Ph.D. in Economics, August 2025
American University
M.A. in Applied Economics, 2017
Georgetown University
B.S. in Economics, 2015
University of Washington
In this paper, I examine the causal effect of GVC participation on export quality upgrading, explore the heterogeneous impact among countries and industries, and construct a country-industry upstreamness measure to examine the various effects along the positions of the value chains. I find consistent evidence that increasing GVC participation has a positive and statistically significant effect on export quality. An increase in domestic value-added embodied in foreign exports as a share of domestic gross exports (forward GVC participation) has a pronounced and robust effect on export quality upgrading. However, the effect of foreign value-added in an industry’s exports as a share of gross exports (backward GVC participation) is largely muted. The impact of increasing forward GVC participation on export quality is positive and significant among both advanced and developing countries, countries which have transitioned to a higher income status, and East Asia and Pacific countries. In terms of sectoral heterogeneities, three patterns can be observed. First, the impact is predominantly driven by manufacturing sectors. Second, increasing GVC participation in sectors with lower research and development (R&D) intensities is associated with a decrease in sectoral export quality. Third, an increasing share of sectoral differentiated products is a positive and significant contributor of export quality upgrading. Lastly, by analyzing the positions of the value chains, I find that country-industry pairs in extremely upstream positions can improve export quality by increasing backward GVC participation, while those that are closer to final uses can benefit from strengthening forward GVC participation.
This paper analyzes the role of U.S. consumers’ preferences, along with other potential determinants indicated by international trade theories, on citizens’ trade policy views in 2016. Specifically, it examines the association between U.S. individual- and household-level consumption and citizens’ perception of trade policy, in particular, whether additional import restrictions should be placed by the United States on foreign products. I hypothesize that individuals whose consumption bundles largely consist of globally-imported goods are less likely to favor additional import restrictions. I construct two expenditure-weighted consumer exposures to trade measures, which are expenditure-weighted import penetration ratio and expenditure-weighted applied tariff rate. Using a logistic model, I find that the consumer exposures to trade measures calculated using global trade data are not significant predictors of trade policy views. Furthermore, regression results with expenditure-weighted import penetration ratio calculated using Mexican versus Chinese import data show mixed patterns. While a higher expenditure-weighted import penetration ratio for imported consumption goods from Mexico is associated with a lower likelihood of support for protectionism, the same measure calculated using Chinese import data is not significantly associated with U.S. individuals’ trade policy preferences.

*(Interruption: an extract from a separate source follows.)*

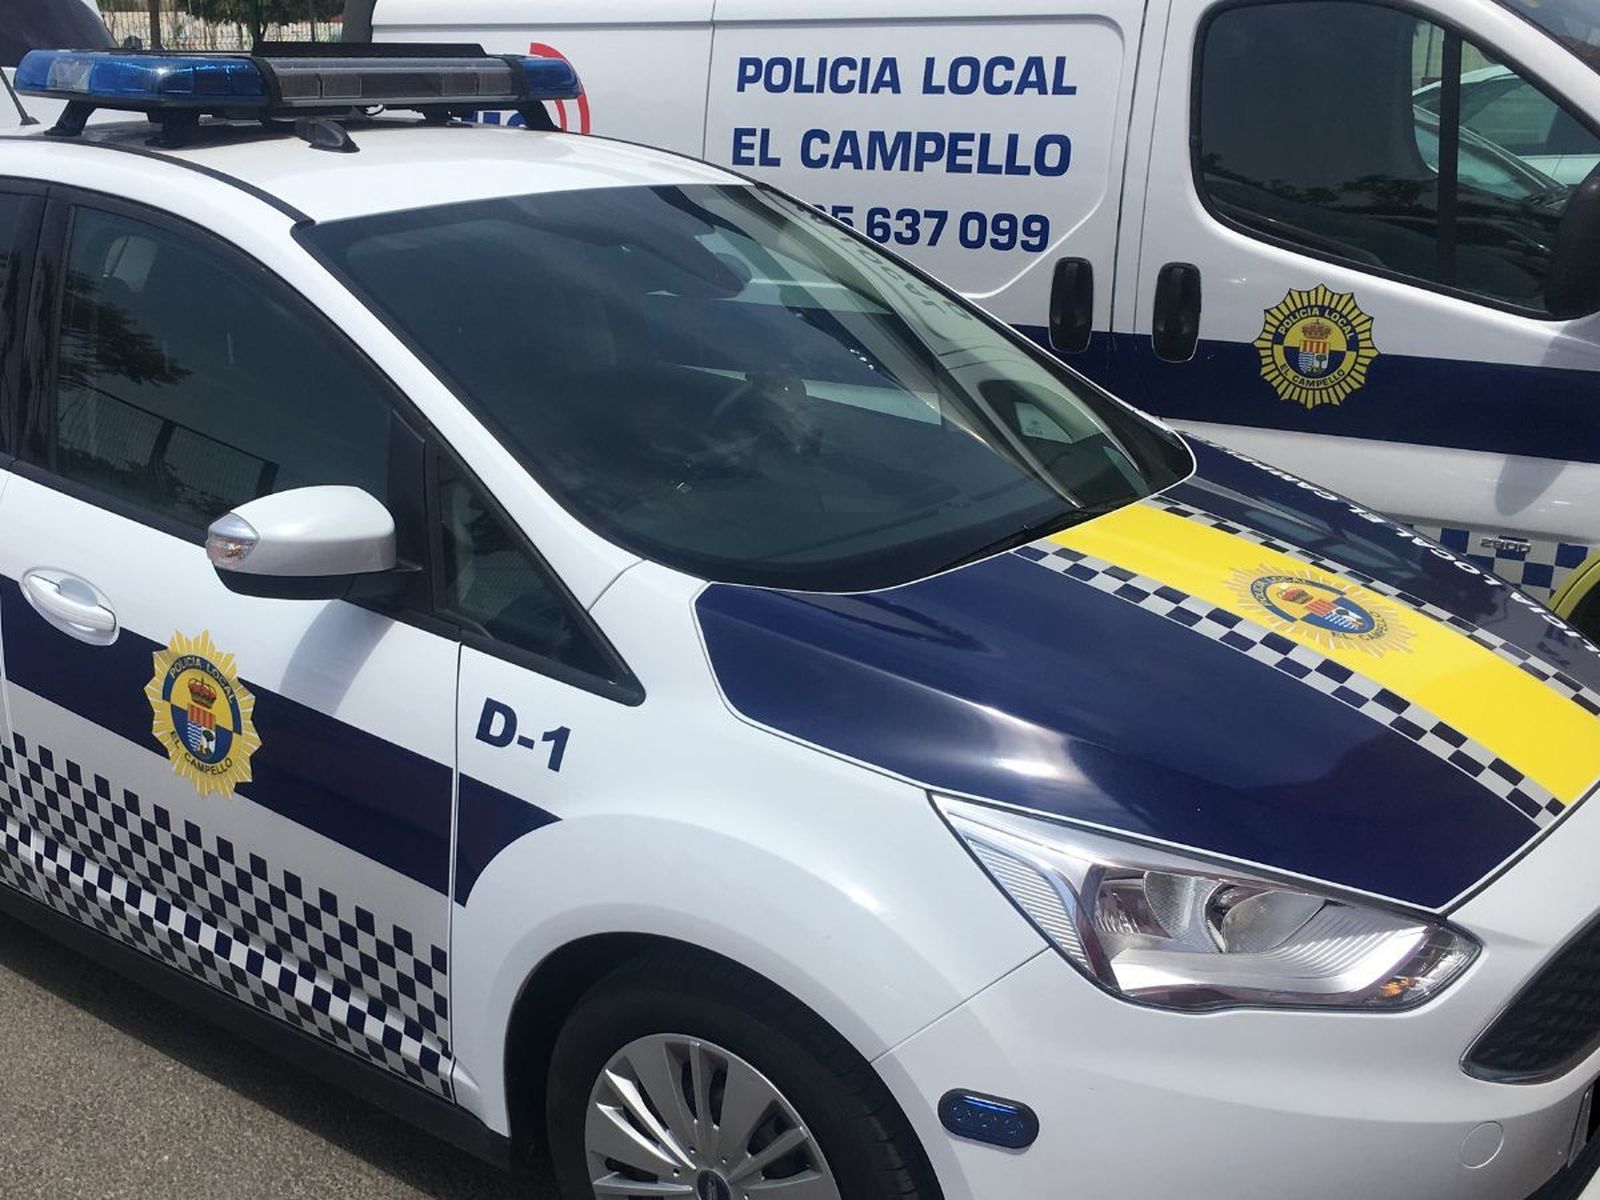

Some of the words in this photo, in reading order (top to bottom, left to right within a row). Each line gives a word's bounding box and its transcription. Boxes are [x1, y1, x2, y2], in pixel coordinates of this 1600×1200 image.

This essay examines the relationship between a country-industry’s relative position in global value chains and the global decline in labor shares. I hypothesize that country-industry pairs in more upstream GVC positions are associated with lower labor shares of value-added. Results from panel data regressions suggest that, consistent with my hypothesis, an increase in the relative GVC position one stage further from the final demand is associated with a statistically significant reduction of labor share by nearly three percentage points. This effect is robust in the full sample, OECD countries subsample, and among the industrial sectors. In terms of country-level heterogeneities, the same patterns can be observed for both high-income and upper-middle-income countries, but not among lower-middle-income countries. In terms of sectoral heterogeneities, the negative correlation is only prevalent in the subsample of industries without low-R&D intensities. Subsample analysis also indicates a negative association for the post-financial-crisis subperiod only.

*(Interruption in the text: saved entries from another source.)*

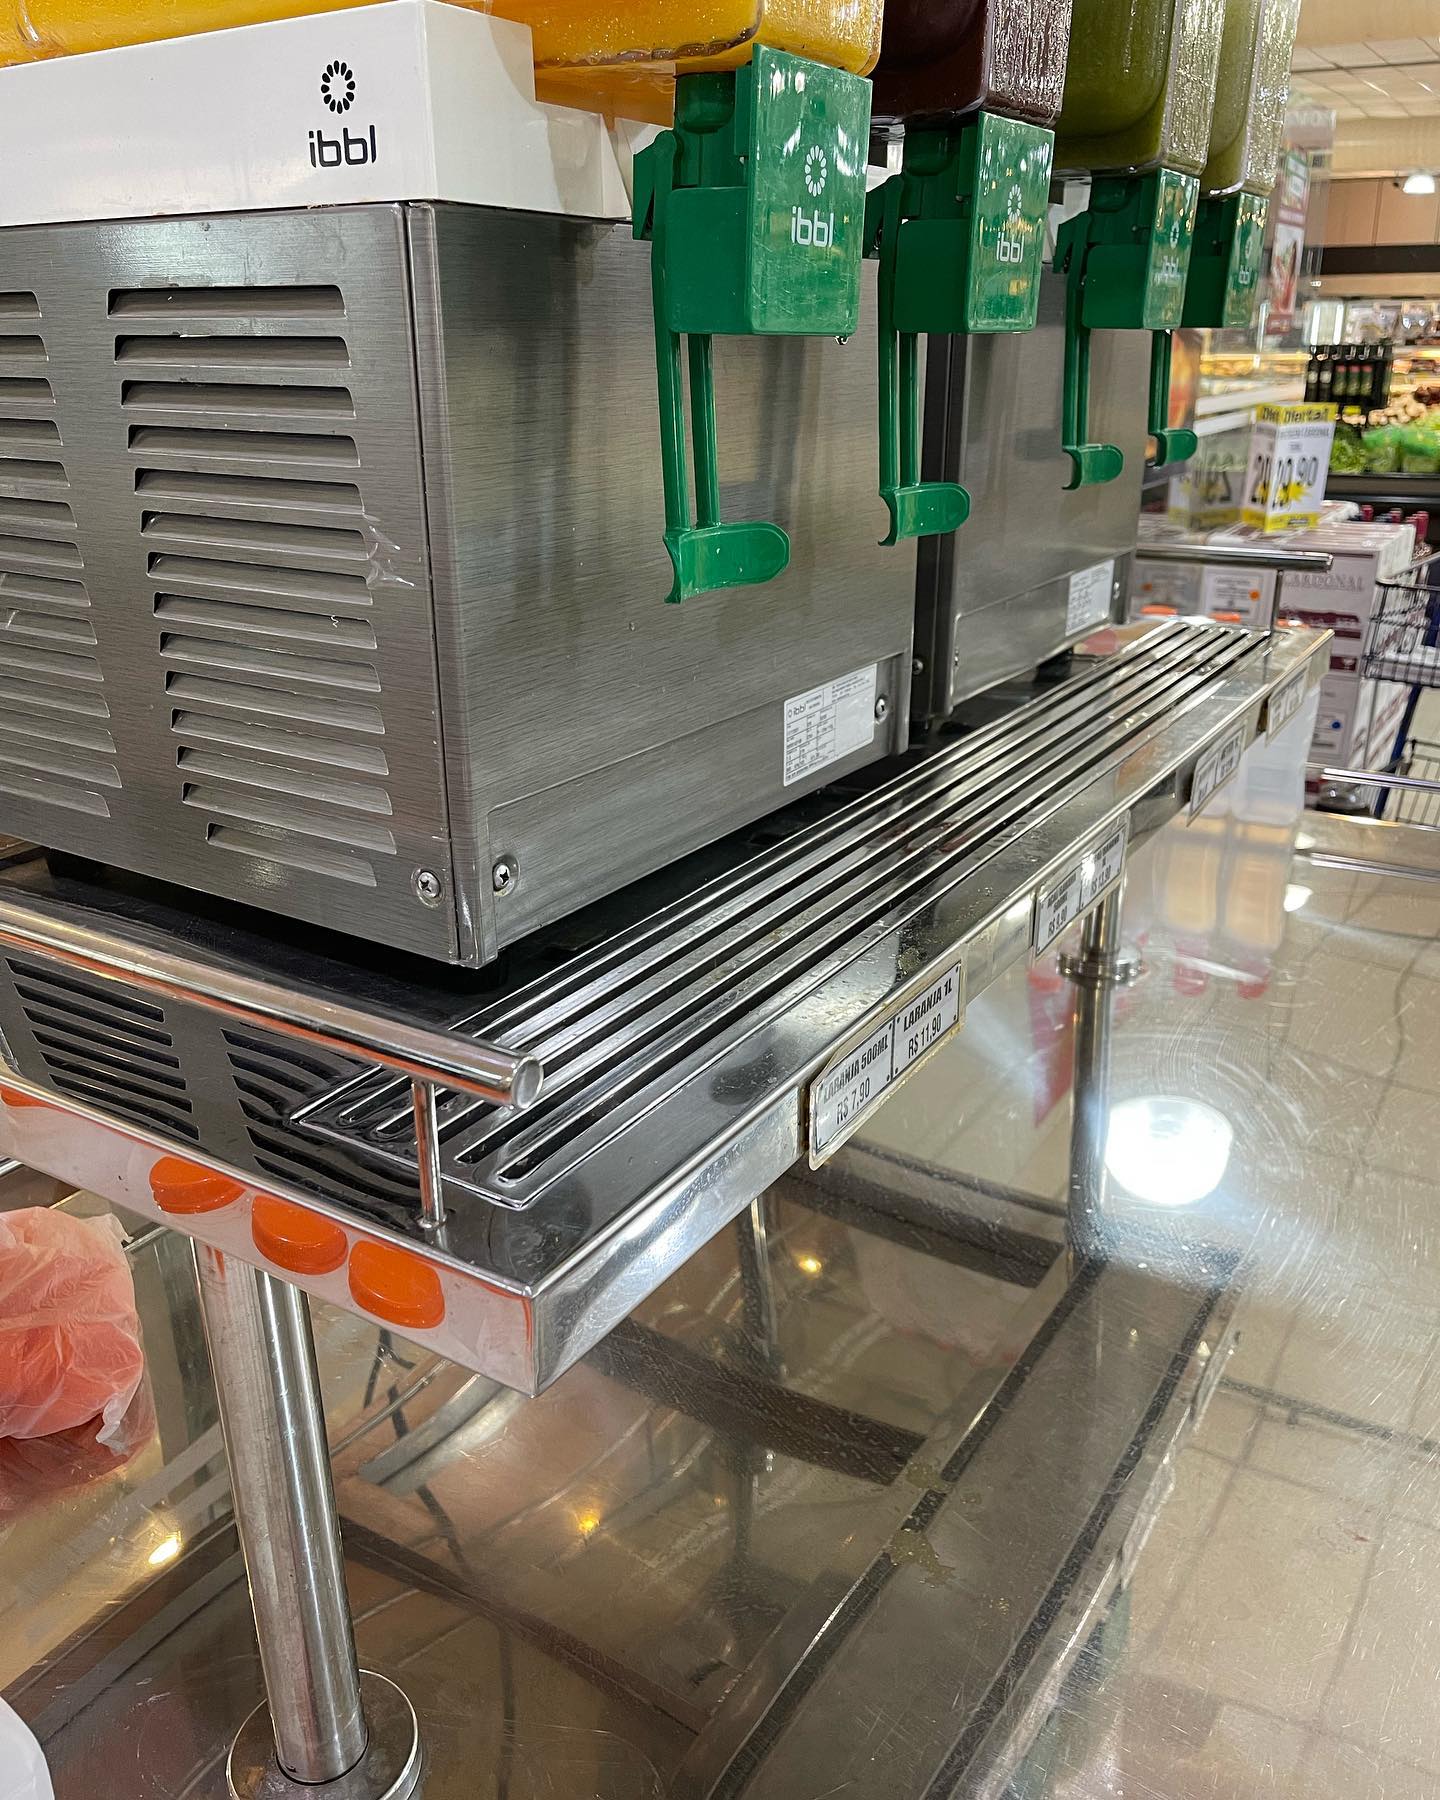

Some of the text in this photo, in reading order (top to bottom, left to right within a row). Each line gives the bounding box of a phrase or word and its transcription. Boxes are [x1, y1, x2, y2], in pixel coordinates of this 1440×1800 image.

[308, 124, 377, 168] ibbl
[791, 205, 835, 248] ibbl
[996, 230, 1025, 264] ibbl
[1047, 917, 1056, 939] R$
[904, 977, 953, 1033] LARANJA 1L
[908, 1012, 942, 1060] R$ 11,90
[823, 1033, 889, 1105] LARANJA 500ML
[836, 1077, 871, 1125] R$ 7,90

Economic complexity is defined as the capability of countries to export diversified and sophisticated products. Empirical research suggests that higher income countries tend to export more diversified and complex products; therefore, economic complexity of exported goods is seen as a proxy for economic growth. Our paper shows stylized facts of export trade patterns and economic complexity in the Sub-Saharan Africa (SSA) region over the last three decades. The SSA region witnesses an increase in economic complexity between mid-1990s and late-2000s, followed by a complete reversal towards the end of 2020. Meanwhile, the region sees an upward trend in export values across product groupings during the same period, including manufacturing and agricultural goods. Utilizing panel regressions and dynamic panel data estimators with data from 28 SSA countries, we examine the role of exports and other potential determinants on the region’s economic complexity from 1995 to 2020. Our analyses distinguish the effects by product grouping and partner countries’ income level. Our regression results highlight the heterogeneous effects of export products on SSA’s economic complexity. In sum, increases in the shares of agricultural and manufacturing products in total exports are associated with a rise in economic complexity, while increases in the shares of fuels exports are associated with a decrease in economic complexity. In addition, increases in intra-region export shares are found to improve economic complexity. (Work-in-progress)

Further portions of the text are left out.